Yâda birileri ile diyaloğa girdiğimizde, konuştuğu kelimeler ve beden dili sizinle iş/arkadaşlık yapıp yapamayacağını hemen belli etmez mi?

Hayat tecrübesi denilen şeyde böyle bir şey değil mi zaten?

Bu motosiklet olayını duyduğumda aklıma ilk bu büyüğümün anlattığı kıssadan hisse geldi.

Dün sabah şehir dışında olduğum için 2017 Yılının ilk Meclis Toplantısına katılamadım, ama beni arayıp da İsmail Yıldırım toplantıya motosiklet getirdi dediklerinde çok şaşırdım.

Benim tanıdığımı zannettiğim İsmail Yıldırım böyle işlerle uğraşmaz dedim. Yakınlarda bir yerde olsaydım üşenmeyip gelecektim ama bu seferlik olmadı.

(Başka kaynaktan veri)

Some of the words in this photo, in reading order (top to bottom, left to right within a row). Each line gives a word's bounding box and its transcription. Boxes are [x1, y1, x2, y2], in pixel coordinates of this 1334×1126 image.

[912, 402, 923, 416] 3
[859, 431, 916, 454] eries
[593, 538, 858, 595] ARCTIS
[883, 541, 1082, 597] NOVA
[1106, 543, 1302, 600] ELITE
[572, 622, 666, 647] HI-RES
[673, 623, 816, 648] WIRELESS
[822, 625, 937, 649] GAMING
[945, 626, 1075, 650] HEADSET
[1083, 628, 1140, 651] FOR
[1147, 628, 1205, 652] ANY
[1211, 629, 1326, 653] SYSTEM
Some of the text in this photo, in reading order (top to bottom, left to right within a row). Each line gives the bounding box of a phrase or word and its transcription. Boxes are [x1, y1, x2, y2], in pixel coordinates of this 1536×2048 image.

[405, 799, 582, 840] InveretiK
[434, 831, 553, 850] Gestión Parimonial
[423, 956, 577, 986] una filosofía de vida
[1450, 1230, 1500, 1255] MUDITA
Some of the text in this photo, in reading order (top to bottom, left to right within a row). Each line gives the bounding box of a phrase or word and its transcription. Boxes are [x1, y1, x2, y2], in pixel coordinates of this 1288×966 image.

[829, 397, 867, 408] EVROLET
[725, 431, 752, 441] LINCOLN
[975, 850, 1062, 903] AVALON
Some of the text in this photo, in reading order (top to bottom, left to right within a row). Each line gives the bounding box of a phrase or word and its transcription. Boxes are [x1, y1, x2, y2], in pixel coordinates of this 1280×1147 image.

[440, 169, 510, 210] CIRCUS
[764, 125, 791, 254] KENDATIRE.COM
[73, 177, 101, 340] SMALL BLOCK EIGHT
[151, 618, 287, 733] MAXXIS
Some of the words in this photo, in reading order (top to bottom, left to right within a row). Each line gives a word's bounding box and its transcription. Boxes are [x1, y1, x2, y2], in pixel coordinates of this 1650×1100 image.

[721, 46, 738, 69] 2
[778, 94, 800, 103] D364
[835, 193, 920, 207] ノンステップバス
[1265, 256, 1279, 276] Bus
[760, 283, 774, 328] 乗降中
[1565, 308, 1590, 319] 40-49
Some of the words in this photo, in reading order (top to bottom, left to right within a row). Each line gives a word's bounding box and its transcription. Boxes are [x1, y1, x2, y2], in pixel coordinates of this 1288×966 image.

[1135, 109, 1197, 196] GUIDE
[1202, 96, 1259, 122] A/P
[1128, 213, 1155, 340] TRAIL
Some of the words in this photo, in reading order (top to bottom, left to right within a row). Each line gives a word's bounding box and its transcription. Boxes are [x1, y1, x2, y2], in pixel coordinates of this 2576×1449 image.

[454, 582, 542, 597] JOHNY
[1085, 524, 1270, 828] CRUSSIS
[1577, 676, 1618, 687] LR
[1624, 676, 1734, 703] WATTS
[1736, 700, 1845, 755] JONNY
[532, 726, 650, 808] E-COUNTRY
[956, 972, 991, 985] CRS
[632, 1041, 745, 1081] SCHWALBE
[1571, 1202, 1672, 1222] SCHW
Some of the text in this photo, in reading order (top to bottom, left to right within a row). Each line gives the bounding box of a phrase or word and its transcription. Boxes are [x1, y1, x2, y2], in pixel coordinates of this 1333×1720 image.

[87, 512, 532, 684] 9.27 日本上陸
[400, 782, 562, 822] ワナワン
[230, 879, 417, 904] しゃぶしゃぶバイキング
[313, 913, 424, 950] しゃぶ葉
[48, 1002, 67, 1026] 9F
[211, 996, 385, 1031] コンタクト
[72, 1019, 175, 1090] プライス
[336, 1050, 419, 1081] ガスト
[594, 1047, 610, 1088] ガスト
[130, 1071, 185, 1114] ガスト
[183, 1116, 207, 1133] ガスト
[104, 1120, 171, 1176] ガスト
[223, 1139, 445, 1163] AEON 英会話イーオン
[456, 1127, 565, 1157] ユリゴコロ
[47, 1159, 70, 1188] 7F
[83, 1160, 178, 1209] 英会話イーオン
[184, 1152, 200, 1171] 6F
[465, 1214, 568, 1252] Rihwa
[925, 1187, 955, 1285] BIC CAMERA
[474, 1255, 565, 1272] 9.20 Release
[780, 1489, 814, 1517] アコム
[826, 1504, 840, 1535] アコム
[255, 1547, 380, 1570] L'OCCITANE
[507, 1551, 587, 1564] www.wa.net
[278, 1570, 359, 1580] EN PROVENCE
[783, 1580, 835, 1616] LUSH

Ben bir süre önce duymuştum aslında İsmail Yıldırım bir motoru bulun diye talimat verdiğini ama meclis üyelerinin envanterde bulunmadığını gördükleri için akıbetini öğrenmek adına sorduğu motosiklet olduğunu düşünmüştüm. Motosikletin neden envanterde olmadığı için talimat verdi zannediyordum, fakat meğer o motor, bu motormuş.

Sevgili meclis üyelerinin gözünü sokarcasına alın size yok dediğiniz motor demiş…

Arkasından ’da benim hesabını veremeyeceğim hiç bir şey yoktur diyerek koca salonu kasıp kavurmuş! Ne diyelim adam haklı “MOTOR” ortada.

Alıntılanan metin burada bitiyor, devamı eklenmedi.